#### Work to be completed
Write the entries out again in full and unchanged, dropping every image.

Records for this task: Begin

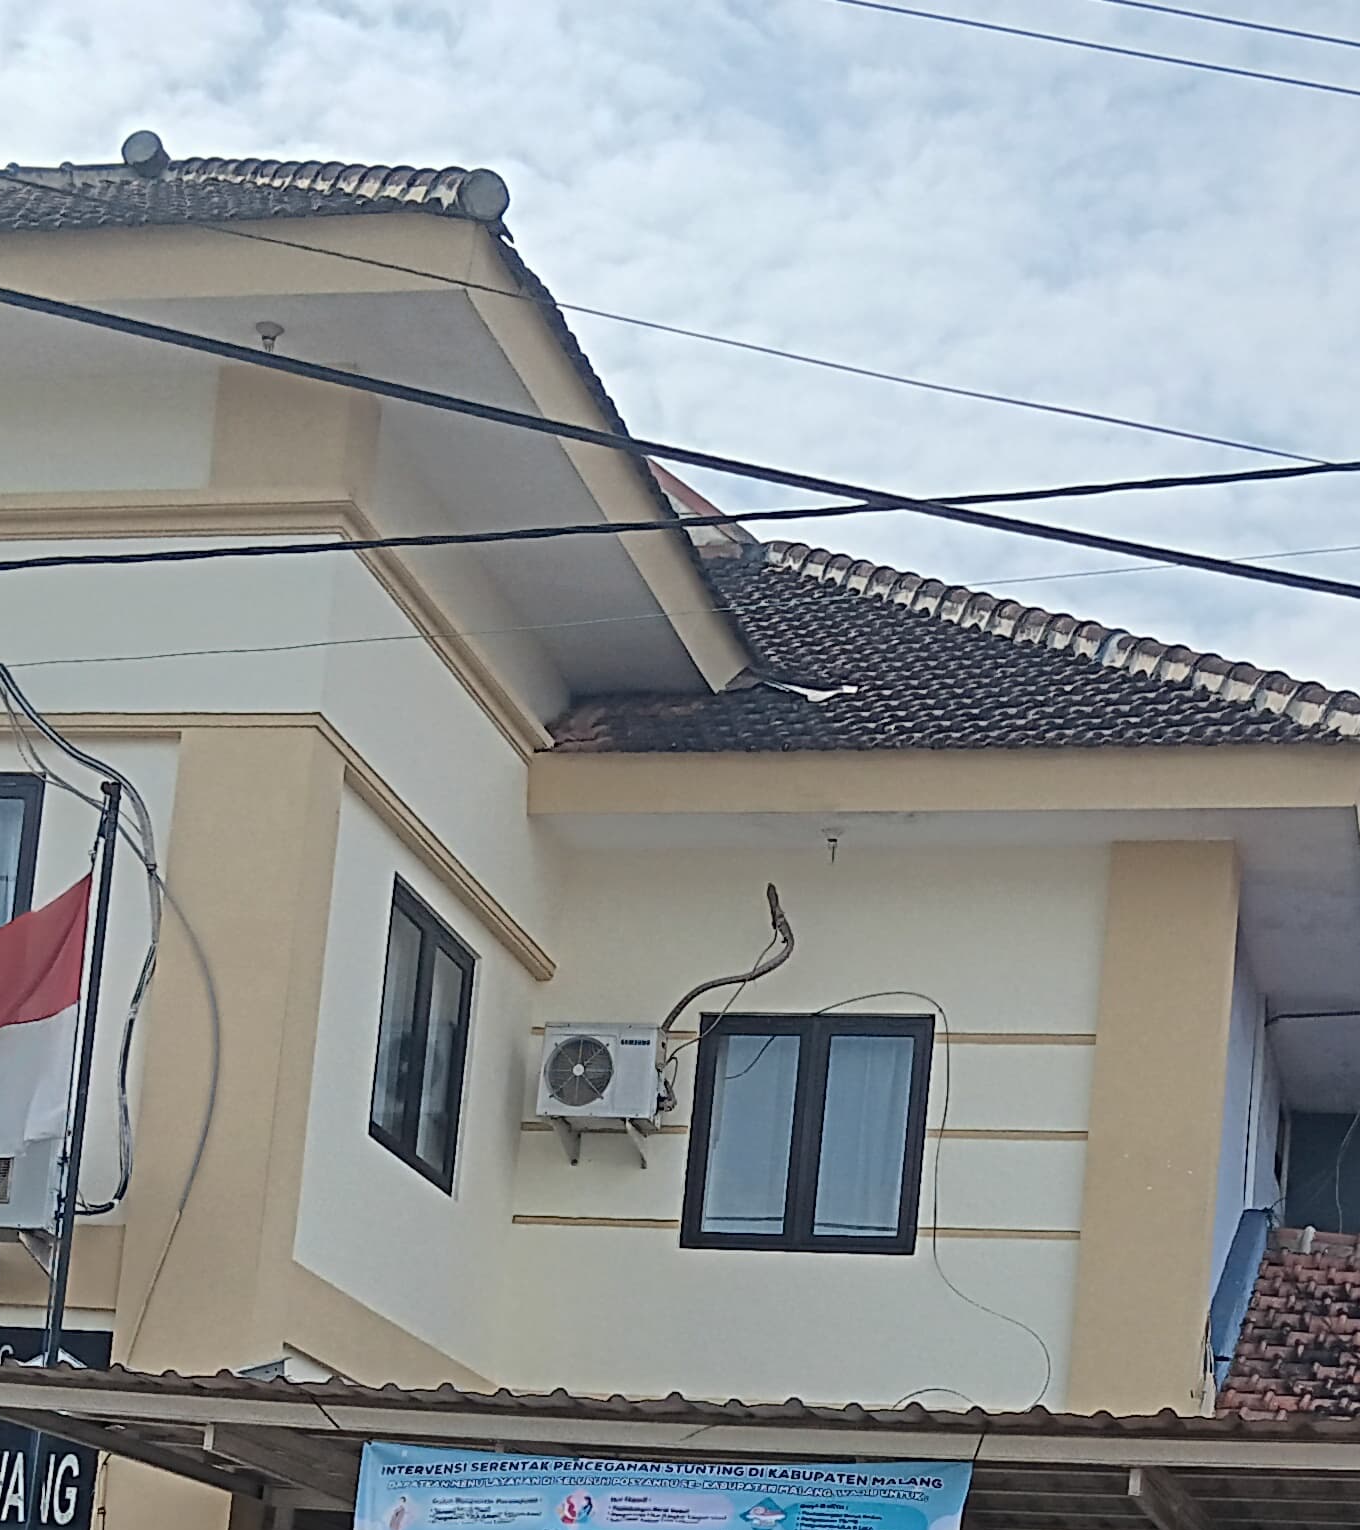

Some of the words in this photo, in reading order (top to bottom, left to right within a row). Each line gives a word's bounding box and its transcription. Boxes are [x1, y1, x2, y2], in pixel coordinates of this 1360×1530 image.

[381, 1463, 469, 1476] INTERVENSI
[471, 1461, 549, 1473] SERENTAK
[553, 1461, 664, 1474] PENCEGAHAN
[665, 1464, 744, 1477] STUNTING
[748, 1467, 765, 1478] DI
[768, 1469, 869, 1486] KABUPATEN
[872, 1476, 943, 1489] MALANG
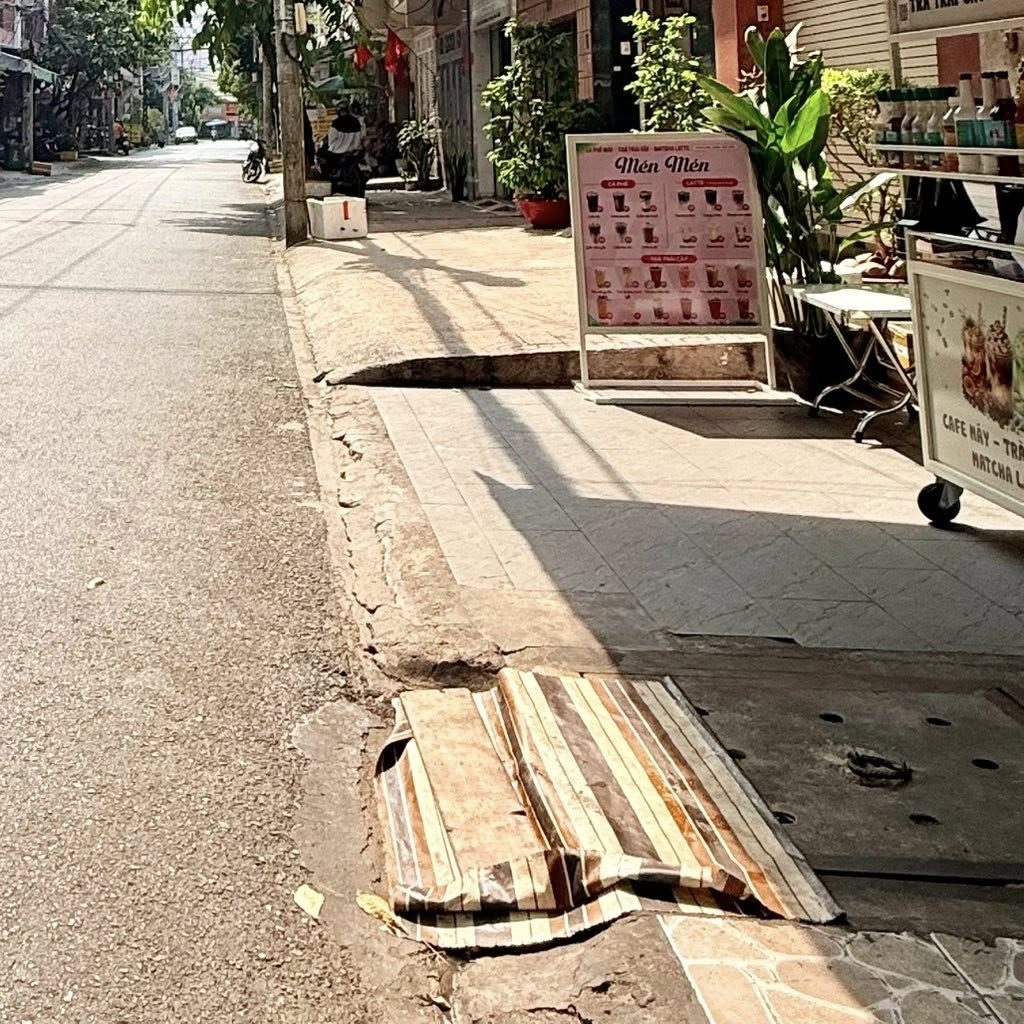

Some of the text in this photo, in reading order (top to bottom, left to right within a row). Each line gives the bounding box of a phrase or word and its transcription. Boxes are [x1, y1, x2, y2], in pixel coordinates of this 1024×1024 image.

[615, 155, 710, 174] Mén Mén
[943, 413, 967, 438] CAFE
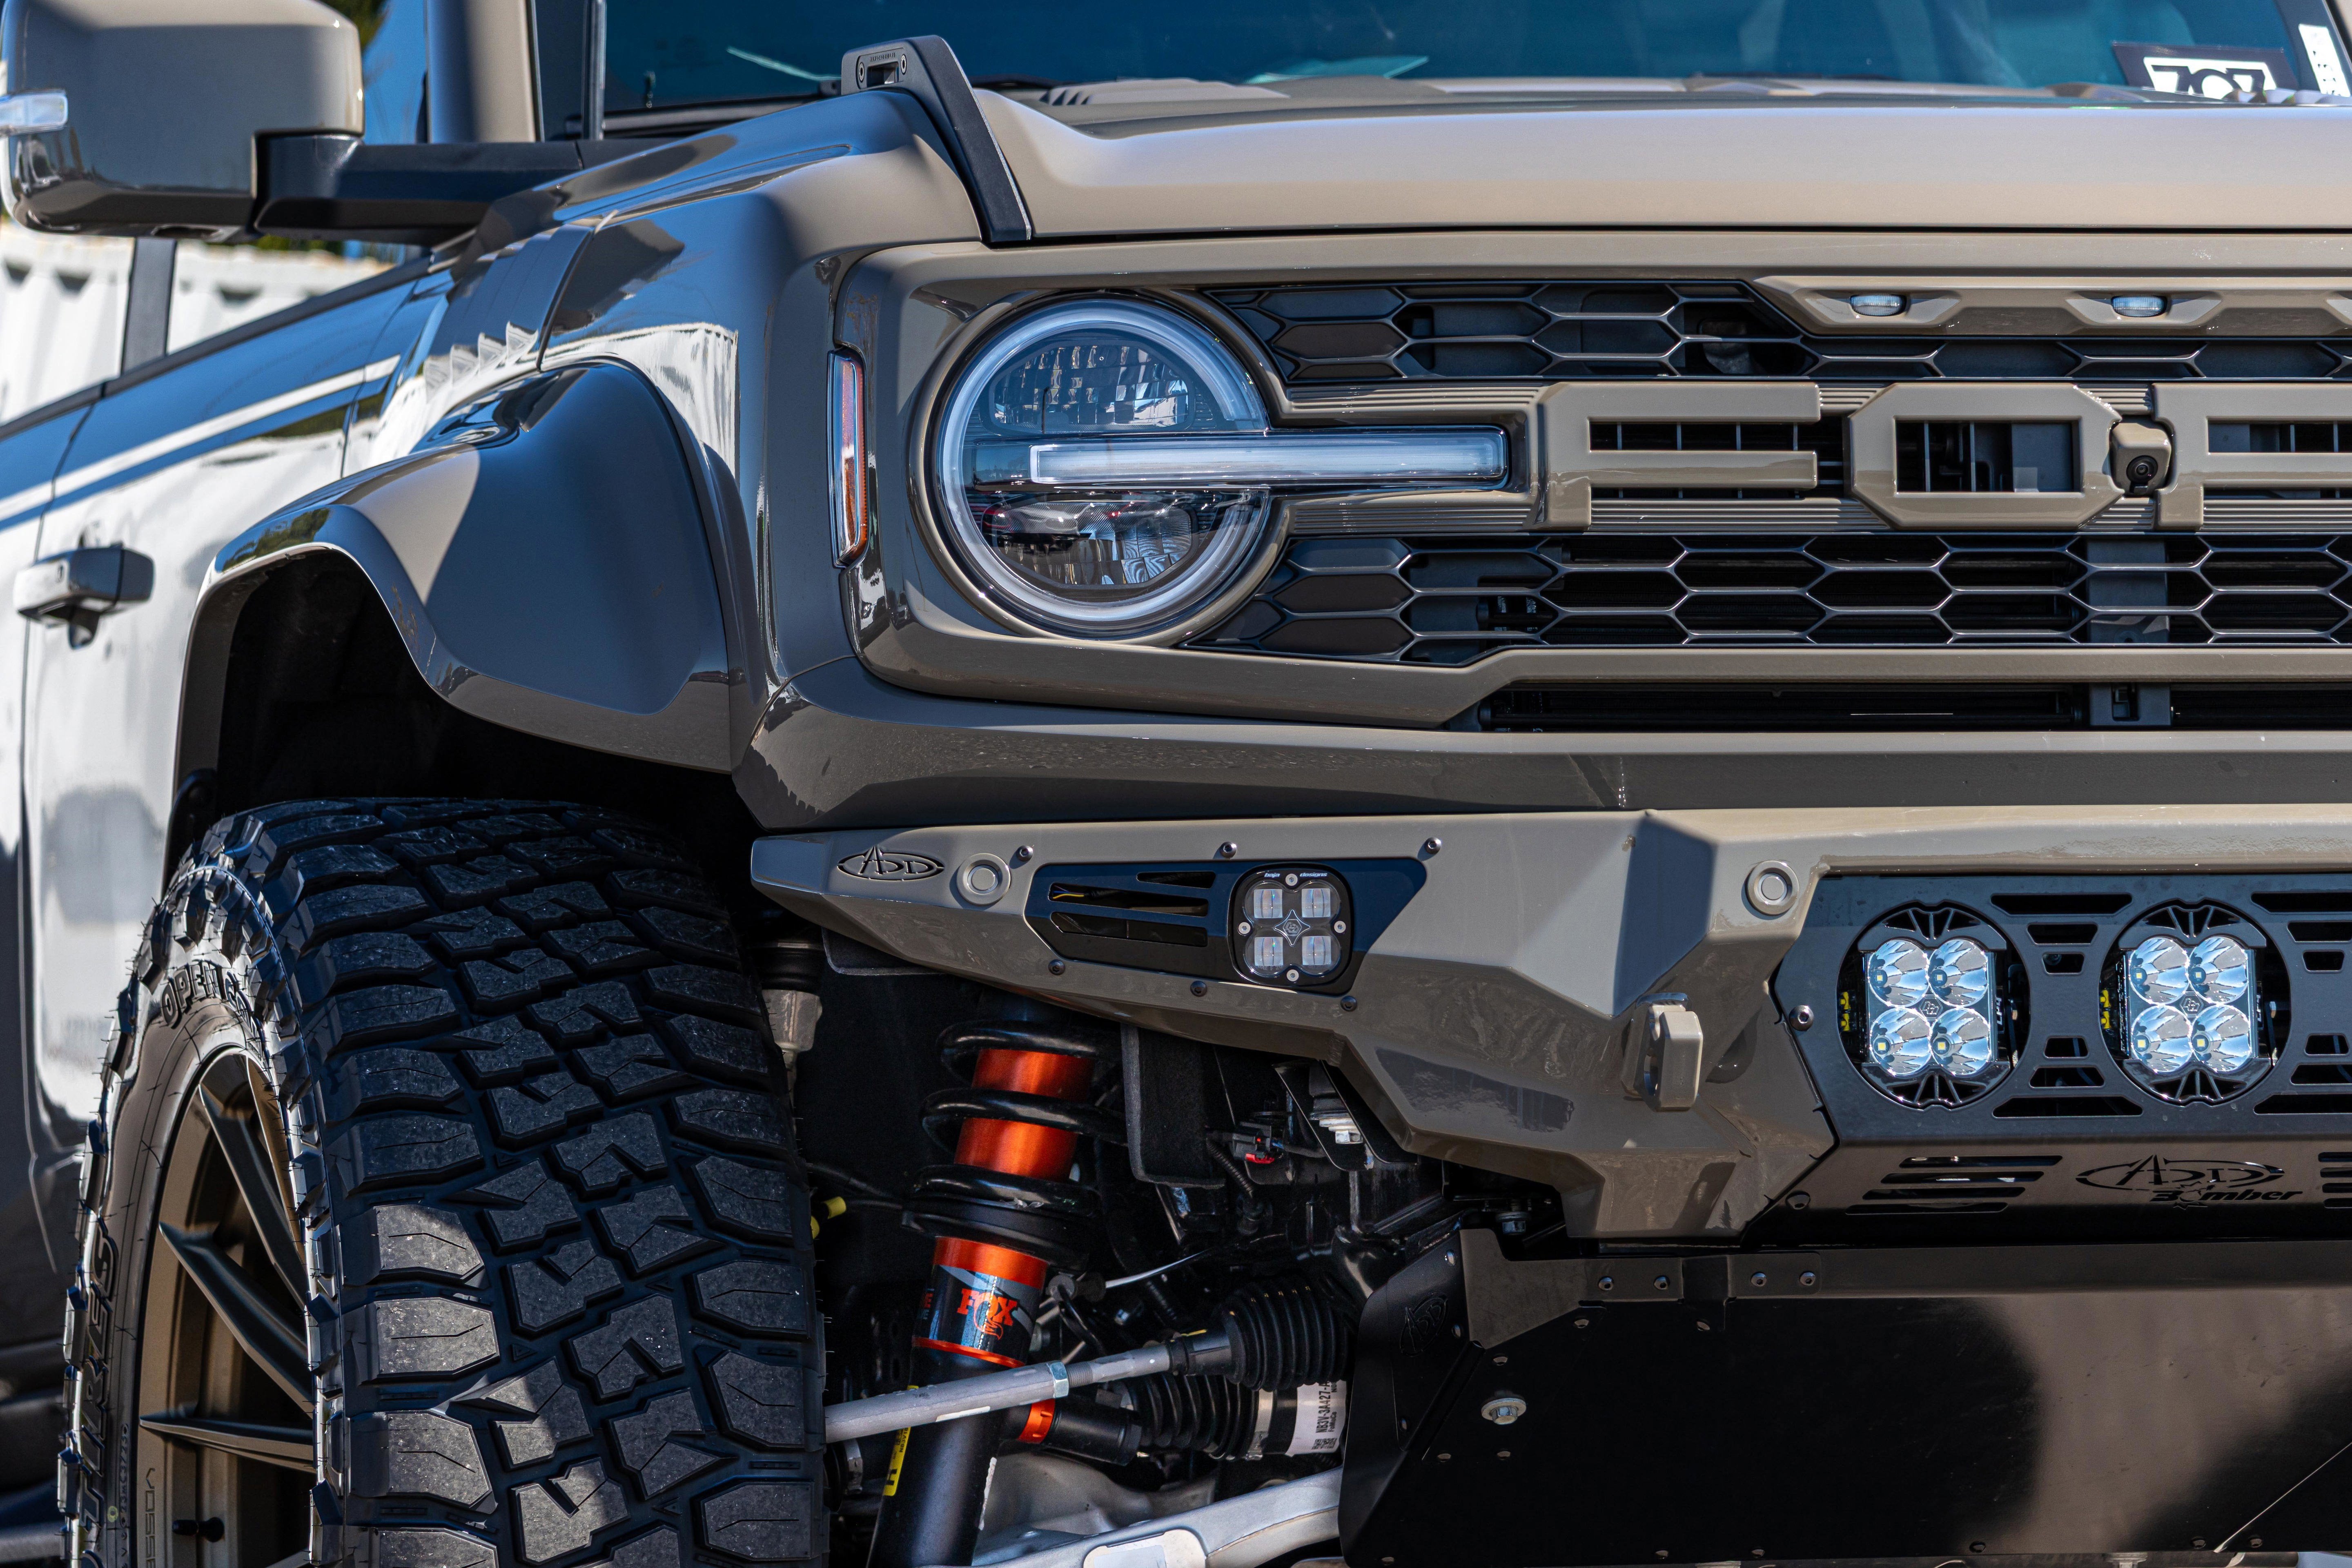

Records for this task: End

#### Written solution
Some of the words in this photo, in reading order (top to bottom, left to right within a row). Each line gives a word's bounding box and its transcription. Boxes are [x1, y1, x2, y2], in pixel coordinates of this 1360×1530 image.

[381, 1463, 469, 1476] INTERVENSI
[471, 1461, 549, 1473] SERENTAK
[553, 1461, 664, 1474] PENCEGAHAN
[665, 1464, 744, 1477] STUNTING
[748, 1467, 765, 1478] DI
[768, 1469, 869, 1486] KABUPATEN
[872, 1476, 943, 1489] MALANG

Some of the text in this photo, in reading order (top to bottom, left to right within a row). Each line gives the bounding box of a phrase or word and its transcription. Boxes are [x1, y1, x2, y2], in pixel coordinates of this 1024×1024 image.

[615, 155, 710, 174] Mén Mén
[943, 413, 967, 438] CAFE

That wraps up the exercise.